USDA has a lot to celebrate

Rik Dalvit/For the Capital Press

Editorial

We would be remiss if we did not wish the U.S. Department of Agriculture a belated, but heartfelt, happy 150th birthday.

Research conducted or funded by the department has helped make American farmers the world's most productive. It has played an important role in providing farmers with information about the industry's best production and resource conservation practices. Its market statistics are an invaluable tool for producers.

We think it has done a lot of good and continues to be an asset for farmers.

It has also grown into a behemoth that serves as a case study in governmental mission creep.

USDA was born on May 15, 1862, when President Abraham Lincoln signed legislation authorizing its formation. It was to "acquire and to diffuse" useful information about agriculture, and to "procure, propagate, and distribute ... new and valuable seeds and plants." There was no mention of regulating anything, or in any other tangible way inserting itself into the operations of farms and processors.

Many legislators were wary of a government ag department, according to a history written by the USDA. So at its creation, USDA was a noncabinet department managed by a commissioner -- who was required to post a $10,000 bond to ensure a true accounting of appropriations and expenditures. Commissioner Isaac Newton set off with a clerk, four scientists and a $90,000 budget.

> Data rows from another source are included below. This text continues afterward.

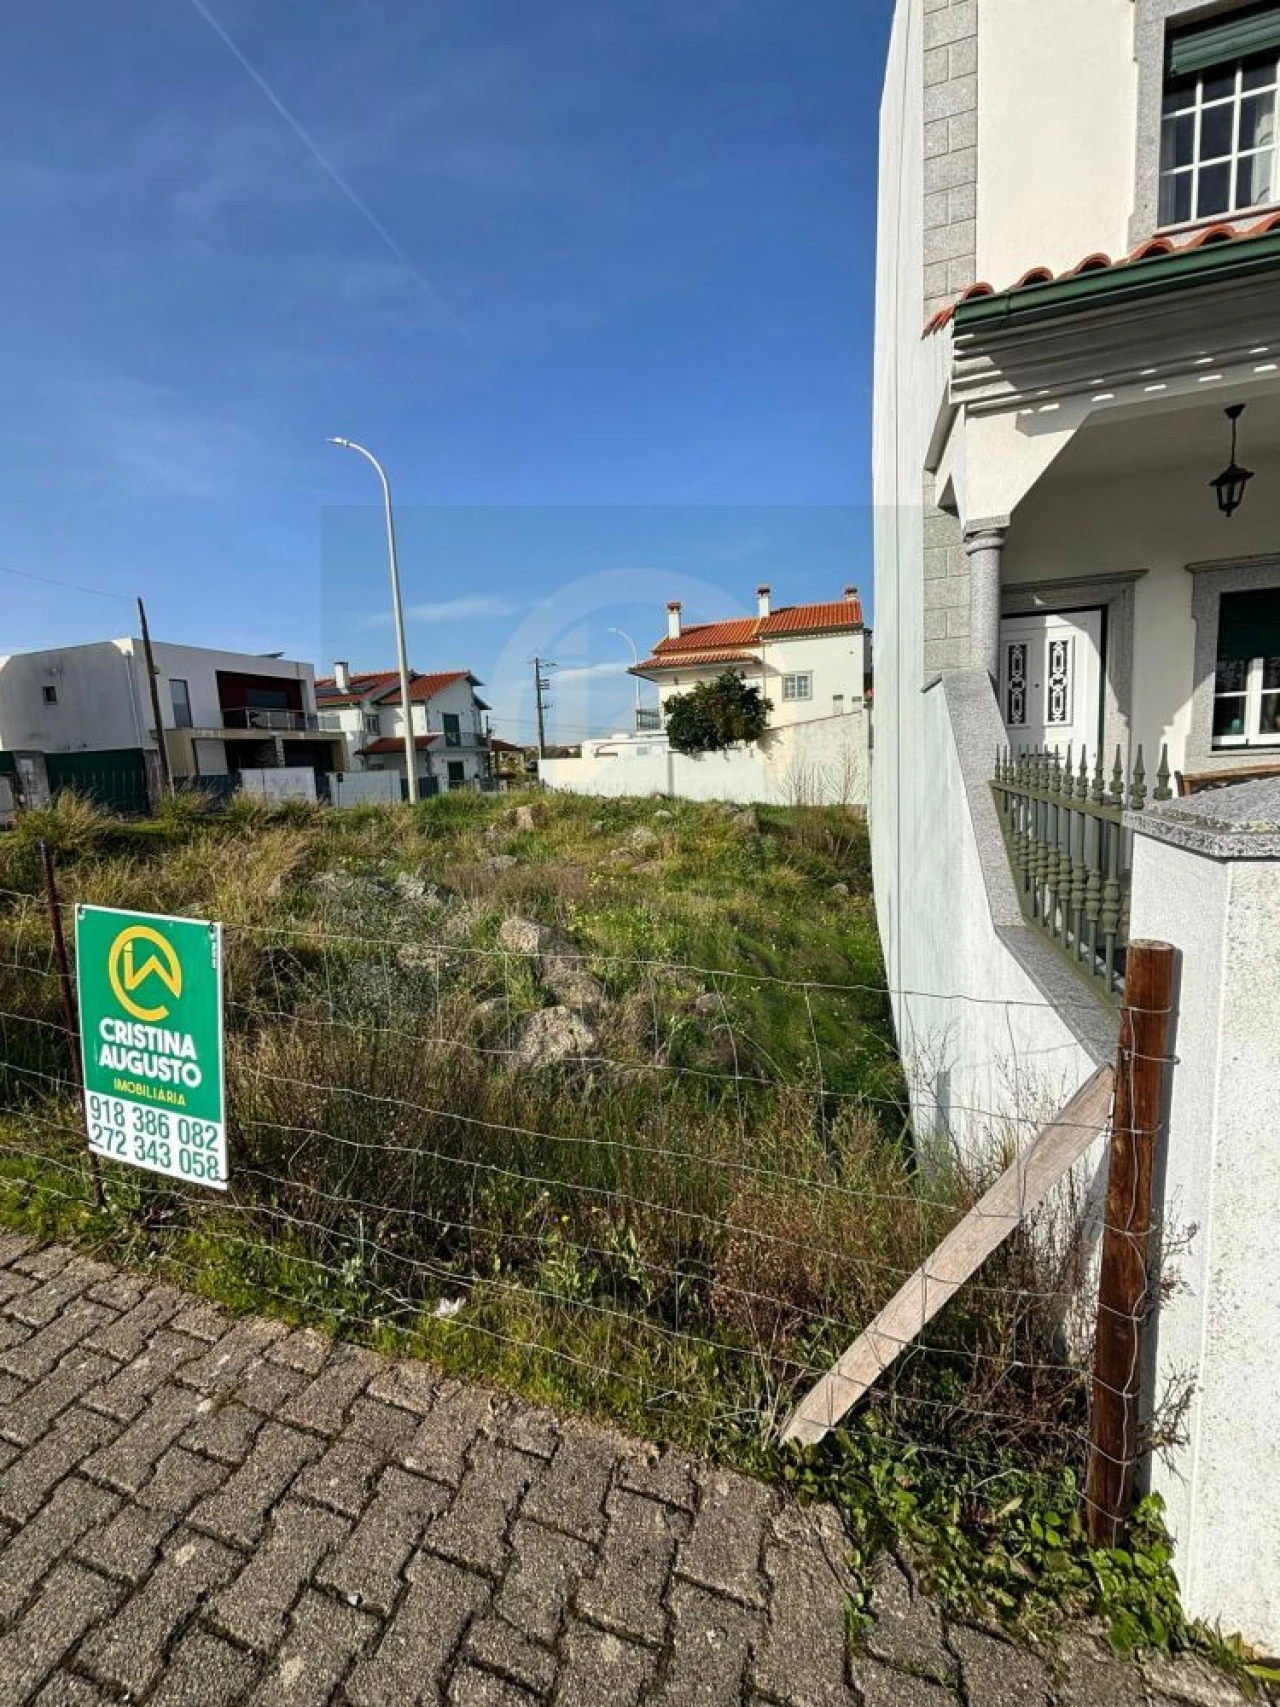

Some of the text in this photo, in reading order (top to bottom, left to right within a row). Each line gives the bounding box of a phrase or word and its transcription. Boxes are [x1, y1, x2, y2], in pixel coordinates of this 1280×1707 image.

[99, 1018, 197, 1060] CRISTINA
[99, 1044, 202, 1087] AUGUSTO
[114, 1078, 186, 1106] IMOBILIÁRIA
[90, 1095, 218, 1152] 918 386 082
[92, 1124, 219, 1182] 272 343 058

Sen. John Hale, R-N.H., worried the new department would soon be headed by a cabinet secretary, while Sen. Edgar Cowan, R-Pa., predicted its work would grow until "it swallowed up half a million dollars of the people's money."

Hale's fear was realized in 1889 when the USDA became a cabinet-level department. Congress almost immediately began expanding the USDA's mandate and appropriation to address a growing list of concerns.

By 1897 USDA had 2,444 employees and a budget of $3.6 million. When it celebrated its first 50 years in 1912, it had 13,858 employees, and a budget of $21 million.

In 1929 it spent $150 million. Ten years and a plethora of Depression-era programs later, the budget topped $1.2 billion and the department had 80,000 employees. When it turned 100, the USDA was spending $6.4 billion a year and had 111,000 employees.

At least 65 pieces of major legislation have expanded the USDA's mission over the years. It covers the gamut from meat inspection to national forests, rural development to futures trading.

Today the USDA has a budget of $145 billion, 74 percent of which is spent on school lunches, supplemental nutrition assistance and WIC. A scant $2 billion goes towards its original agriculture research and education mission.

We think a Department of Agriculture focused on agriculture, and nothing else, might better serve the interests of farmers and ranchers.